Europe's first biosimilar monoclonal antibody – Celltrion and Hospira's biosimilar Remicade product Inflectra/Remsima – is approaching its second year anniversary, following approval in the second half of 2013. Gauging the long-term commercial performance of this product, not to mention subsequent biosimilar antibodies, remains challenging, however.
Not only was launch of Inflectra/Remsima in Europe's largest markets delayed until February of this year, but adoption is expected to be steady rather than explosive; Norway represents an exception to this rule where biosimilar infliximab is supported by an exceptionally aggressive discount, which when combined with the Norwegian public sector tendering system, has witnessed biosimilar volume share of the infliximab market grow to around 60 percent.
The Norwegian market will at some point provide a secondary benchmark for biosimilar developers, physicians, patients and payers, when data from a much anticipated 500-patient switching study being run by the Norwegian Medicines Agency (NOR-SWITCH) is published in 2016.

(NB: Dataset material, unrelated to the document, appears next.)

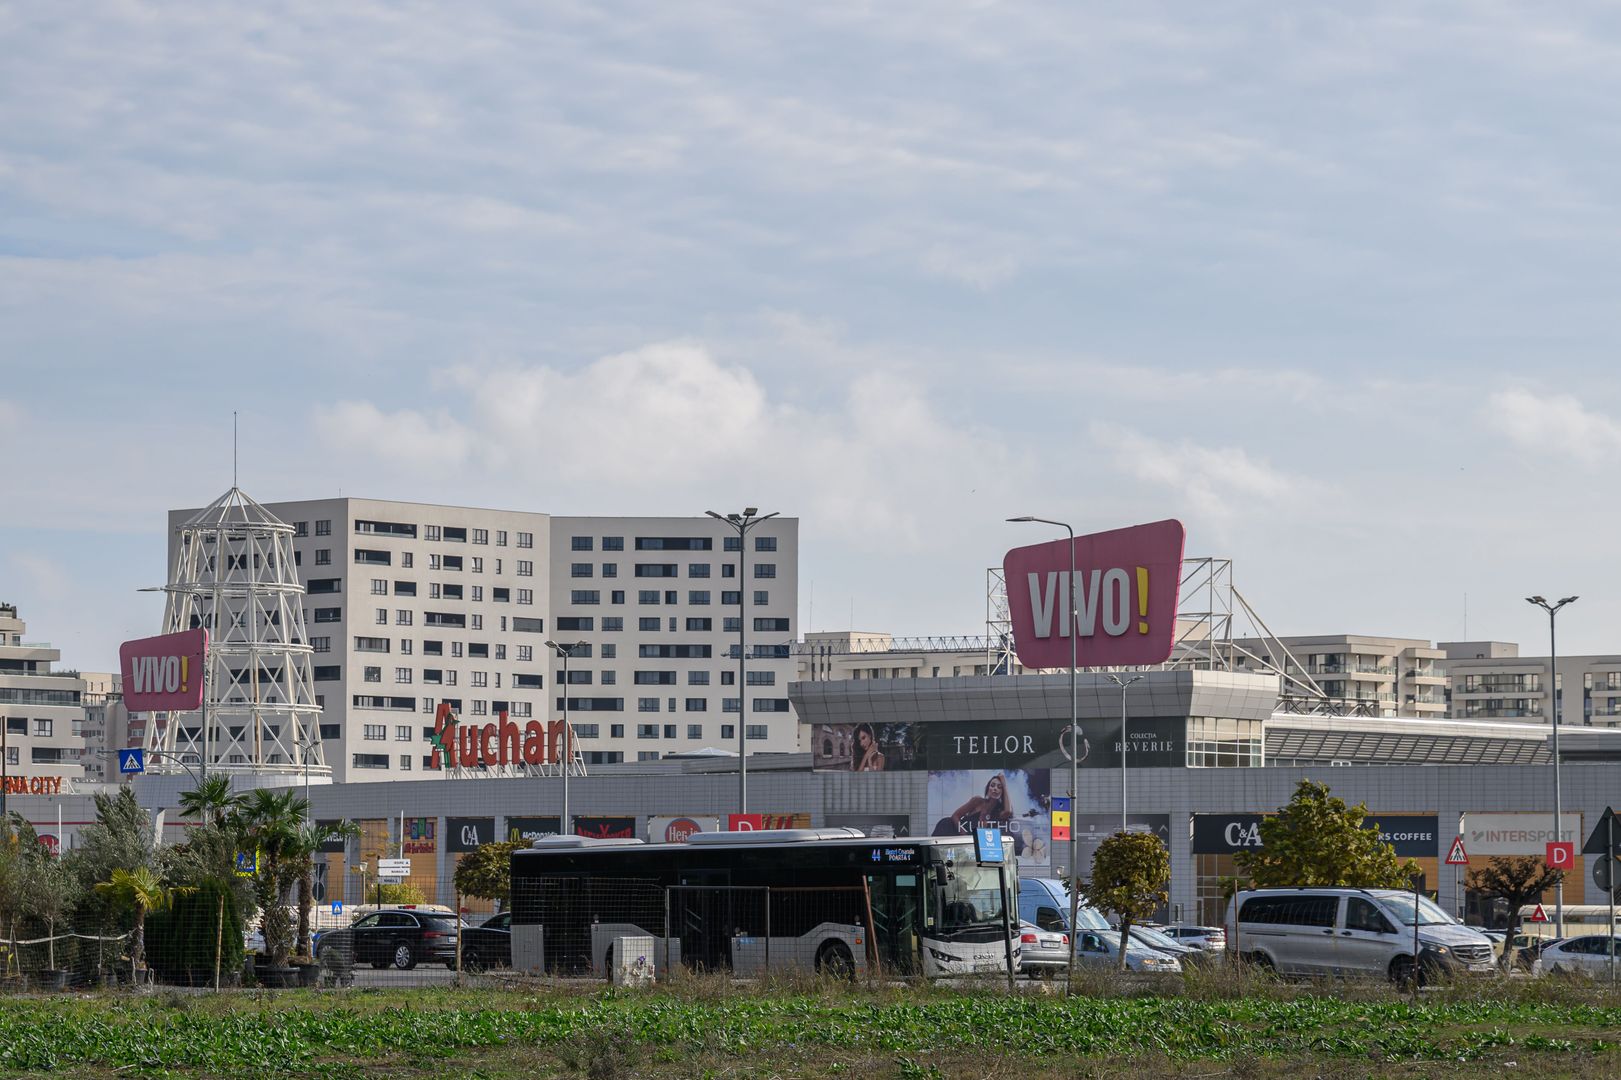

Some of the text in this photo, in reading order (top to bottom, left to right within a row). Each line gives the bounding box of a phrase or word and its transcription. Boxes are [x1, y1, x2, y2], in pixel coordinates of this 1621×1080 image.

In addition, the SIMILAR trial, funded by Santeon, an independent collaboration of six large teaching hospitals in the Netherlands and headed up by investigators at Onze Lieve Vrouwe Gasthuis hospital in Amsterdam, aims to show that the rate of relapse in patients with inflammatory bowel disease who are administered biosimilar infliximab versus Remicade arms is the same. Data from this study are also expected in 2016.
In the meantime, Hospira used the annual EULAR conference this week to showcase data from a new, independently run switching study, which compares outcomes in 39 patients after a mean of four years treatment with Remicade, with the outcomes of those same patients after a median of 11 months following a switch to Inflectra. Hospira states that patient symptoms and disease activity were similar before and after the switch between the two treatments, and no immediate safety signals were observed.
Reasons to Purchase
To better ascertain how switching studies will shape physician sentiment towards the use of biosimilar TNF inhibitor products, we are asking rheumatologists and gastroenterologists based in the EU5 the following questions this week…
Has your view towards current/future usage of biosimilar TNF inhibitors become more positive over the past 12 months?
New data is being presented at EULAR this week from an independent clinical study demonstrating that 39 patients with rheumatic diseases experienced comparable clinical effectiveness and safety after switching from Remicade to a biosimilar infliximab product.
Do you consider this data positive?
What impact do you think this type of switching study will have in driving adoption of biosimilar TNF inhibitors?
Would positive data from subsequent switching studies support a decision by you to prescribe biosimilar TNF inhibitor products more frequently to patients already using a branded TNF inhibitor (rather than limiting any use to new patients)?
What would you consider the most important characteristic for a compelling switching study designed to demonstrate comparable efficacy and safety for biosimilar TNF inhibitors?